Surviving a Melbourne winter without safe and warm accommodation is a brutal challenge that too many Melburnians are forced to endure each year.
Reducing homelessness remains one of my top priorities. Melbourne is a caring city but we need to do more to help and support those experiencing homelessness – particularly those sleeping rough on our streets each night.
During the height of the COVID-19 pandemic, we witnessed what was possible when different levels of government, service providers and the local community agreed mutual goals and cooperated to deliver a stellar outcome. Everyone sleeping rough on our city streets was offered accommodation in inner-city hotels.
This was not a perfect solution but it showed what was possible when we focused on what could be achieved rather than the reasons why something couldn’t be done. That same spirit of cooperation remains but it is true that more people have returned to sleep rough on our city streets.
We have already shown how quickly and effectively we can reduce the number of people experiencing homelessness when critical circumstances, such as a pandemic, demand action. We cannot lose this momentum and I am committed to continuing my campaign of advocacy and delivery on this issue.
The City of Melbourne wants to secure as much of the Victorian government’s $5.3 billion Big Housing Build investment into social and affordable housing as we can.
We want more of the investment in public housing by the government delivered within our municipality and we want more investment in affordable rentals from the private-sector and community housing providers.
The City of Melbourne has commissioned research on the current level of affordable housing within the municipality and longer term consequences if we don’t act now. In 2019, it was estimated that we had a shortfall of 5,500 affordable homes in the City of Melbourne. By 2036, this shortfall will grow to 23,200 affordable homes.
These are more than just numbers and statistics. Every time that number increases it means a Melburnian or a local family misses out on the accommodation they need to have a secure future in our city.
There is a wide range of people who experience homelessness. People experiencing financial hardship, domestic violence, mental health and other acute health issues are forced to sleep on our streets, live in their cars or are constantly on the move between friends and acquaintances never really knowing how long they are welcome.
Secure and affordable housing options for everyone in need is the right thing to do and is also the best investment we can make. Every dollar invested into housing saves multiple dollars that would be needed to deliver services over the long term. Homelessness is often cited as a complex issue with complex solutions but it’s really quite simple: people deserve a safe place to sleep every night and cannot address their problems, and ultimately flourish, without appropriate accommodation.
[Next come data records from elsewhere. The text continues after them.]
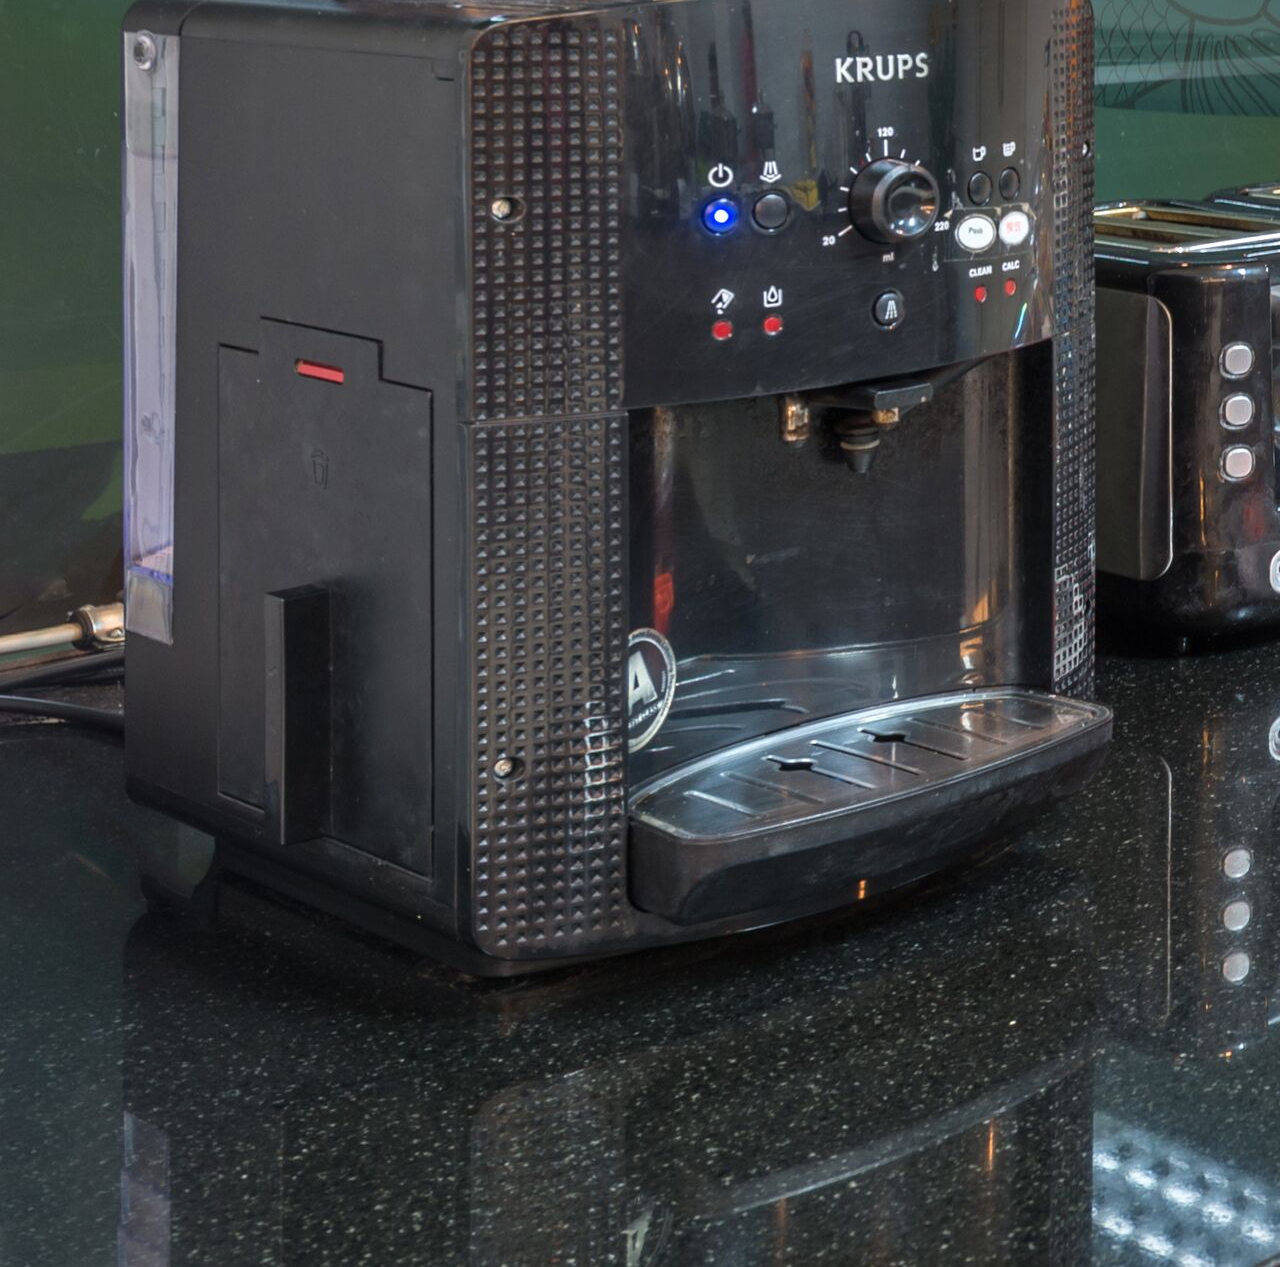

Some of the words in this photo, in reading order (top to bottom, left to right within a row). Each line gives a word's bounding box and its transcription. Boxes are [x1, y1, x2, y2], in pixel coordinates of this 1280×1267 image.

[835, 52, 929, 83] KRUPS
[877, 126, 894, 138] 120
[934, 220, 950, 232] 220
[822, 235, 836, 246] 20
[882, 252, 895, 262] ml
[968, 265, 993, 278] CLEAN
[1002, 260, 1020, 272] CALC
The City of Melbourne is continuing to work on a project to deliver an increase in the number of beds available for those sleeping rough, with appropriate support services. We are hoping to be able to announce the details of this soon.
Our city has been through a devastating 18 months. We started 2020 with thick choking smoke from the national bushfire crisis and then Melbourne was hit harder than any other city in Australia by the COVID-19 pandemic. The challenges to overcome can sometimes seem insurmountable but I am always buoyed by the courage, resilience and spirit of Melburnians.
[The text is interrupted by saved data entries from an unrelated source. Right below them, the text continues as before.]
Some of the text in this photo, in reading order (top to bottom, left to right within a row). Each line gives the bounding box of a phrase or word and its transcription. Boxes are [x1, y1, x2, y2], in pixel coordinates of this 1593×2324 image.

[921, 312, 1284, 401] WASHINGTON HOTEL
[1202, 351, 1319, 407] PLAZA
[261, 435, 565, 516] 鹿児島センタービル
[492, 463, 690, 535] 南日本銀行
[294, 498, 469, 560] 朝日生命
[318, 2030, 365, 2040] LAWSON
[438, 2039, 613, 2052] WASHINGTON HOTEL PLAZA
During the most difficult period that we have faced as a city for generations, there have been so many stories of individuals that have gone out of their way to care for family, friends, neighbours, colleagues and even total strangers.
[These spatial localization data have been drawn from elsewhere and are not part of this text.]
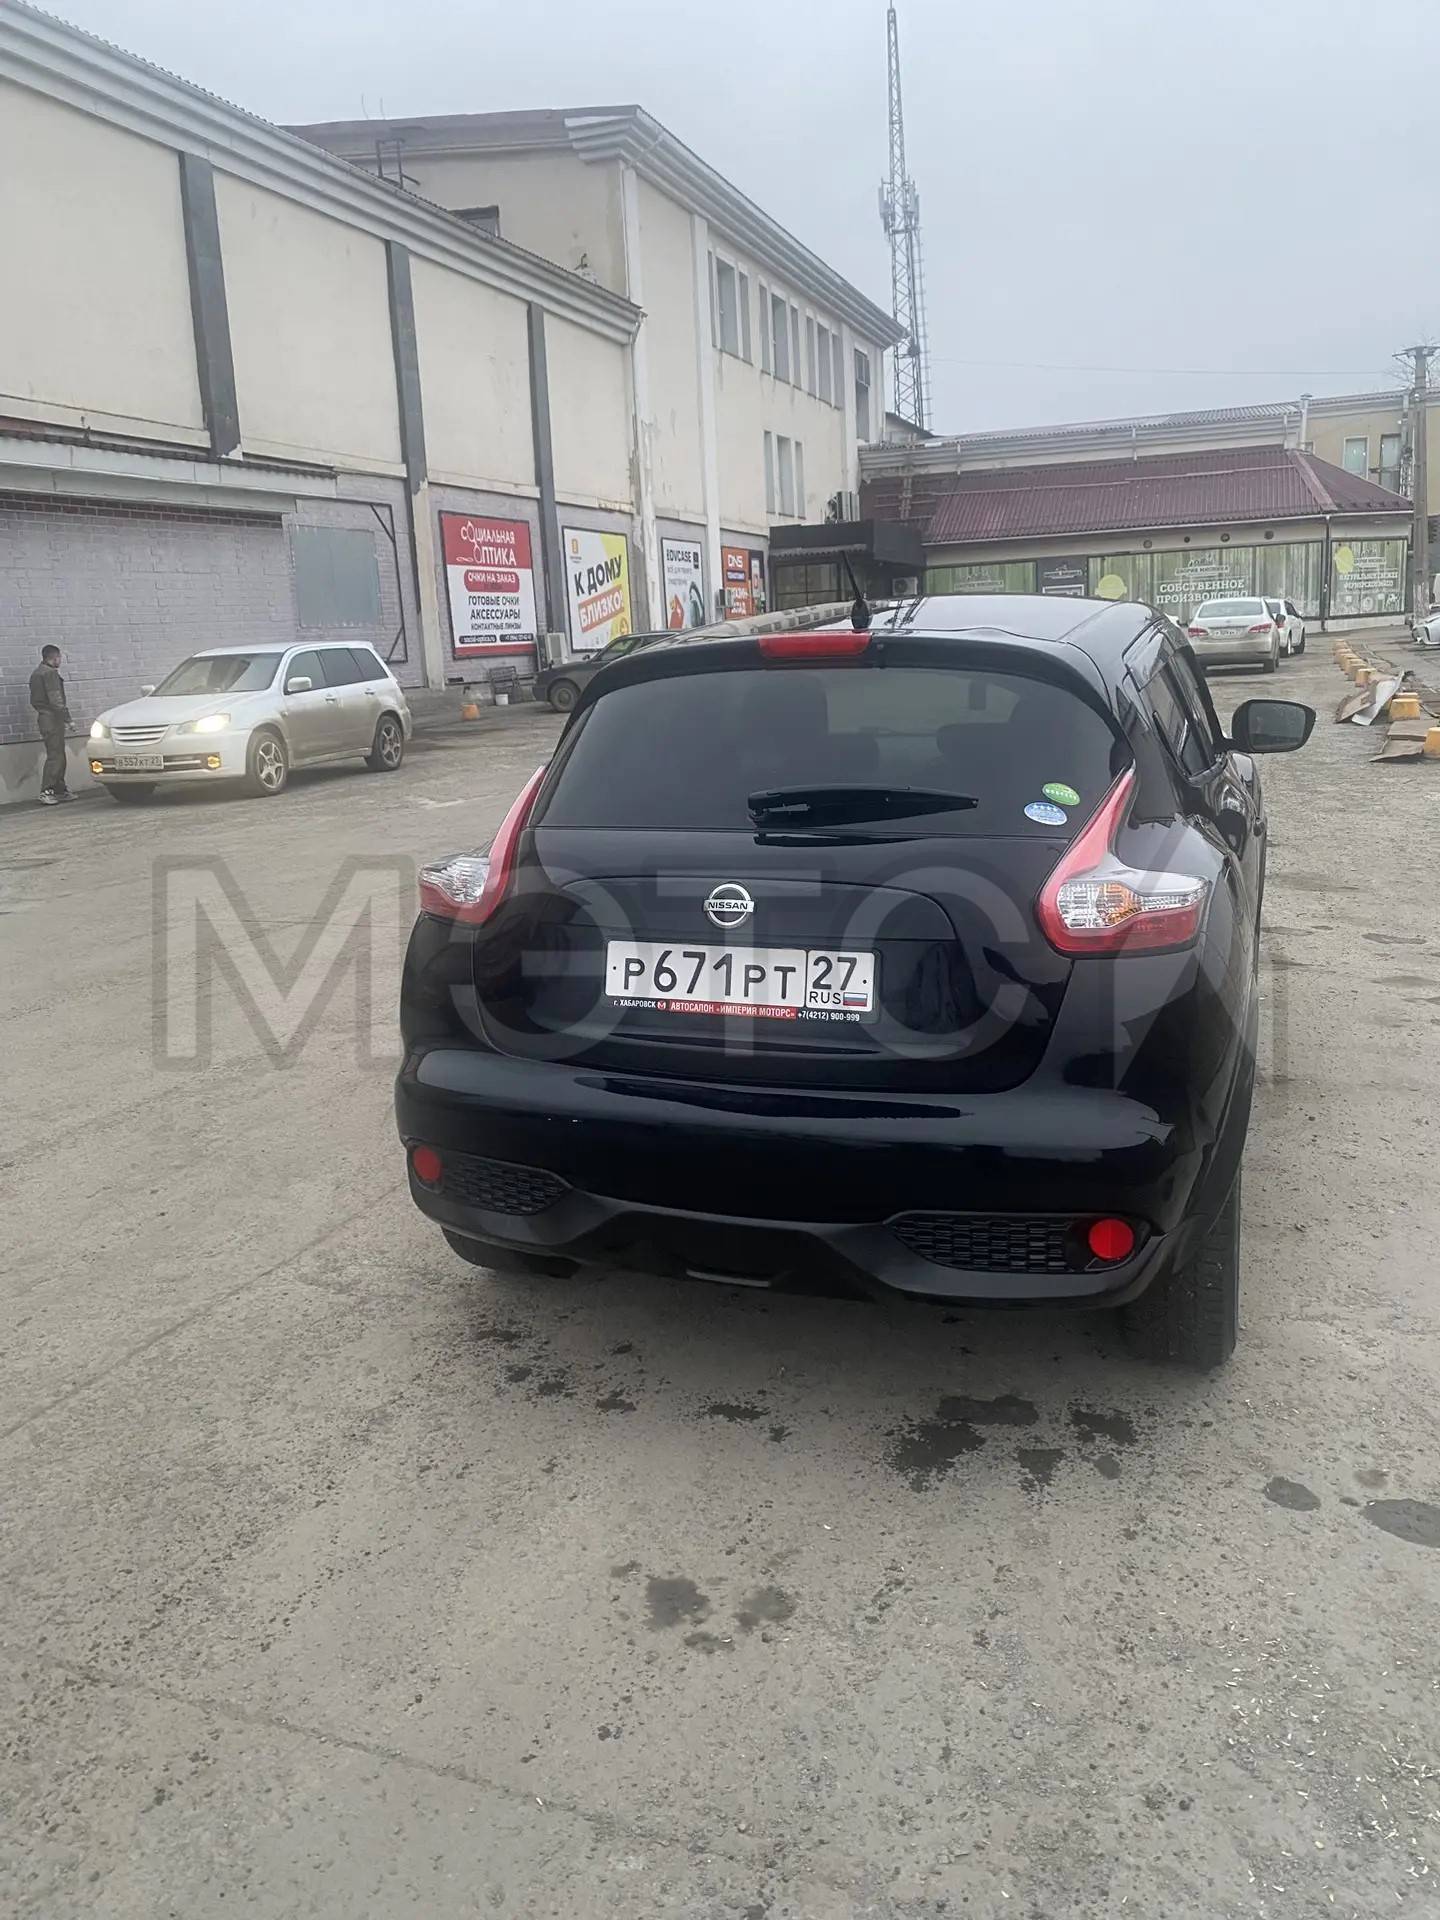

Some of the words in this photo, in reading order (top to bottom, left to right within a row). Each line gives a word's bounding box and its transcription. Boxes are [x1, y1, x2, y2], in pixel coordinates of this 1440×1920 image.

[461, 520, 515, 544] СОЦИАЛЬНАЯ
[473, 545, 517, 566] ОПТИКА
[727, 554, 743, 568] DNS
[467, 571, 486, 582] ОЧКИ
[487, 573, 496, 582] НА
[496, 573, 516, 583] ЗАКАЗ
[574, 571, 585, 597] К
[587, 554, 622, 596] ДОМУ
[1159, 579, 1245, 593] СОБСТВЕННОЕ
[468, 595, 500, 606] ГОТОВЫЕ
[501, 595, 519, 606] ОЧКИ
[470, 608, 521, 620] АКСЕССУАРЫ
[580, 590, 624, 627] БЛИЗКО!
[708, 901, 748, 910] NISSAN
[624, 950, 796, 999] Р671РТ
[812, 956, 857, 990] 27
[809, 991, 841, 1005] RUS
[620, 999, 656, 1009] ХАБАРОВСК
[670, 1003, 714, 1013] АВТОСАЛОН
[831, 1012, 860, 1022] 900-999
We are a city that is distinctive because we believe in, and invest in, the connections we make with other Melburnians.
I want to encourage everyone to consider how best each of us can help a fellow Melburnian experiencing homelessness this winter.
Starting with a genuine conversation that can literally be life-changing for someone who is experiencing homelessness.
Not just “we can do this”, but “we must do this” Melbourne.
This article is part of a 12-part series from Housing All Australians, which intends to draw on a range of perspectives centred around housing and homelessness. We will hear a range of views from business, the not-for-profit sector and government, as to why they believe housing is an important social and economic building block for Australia’s future prosperity.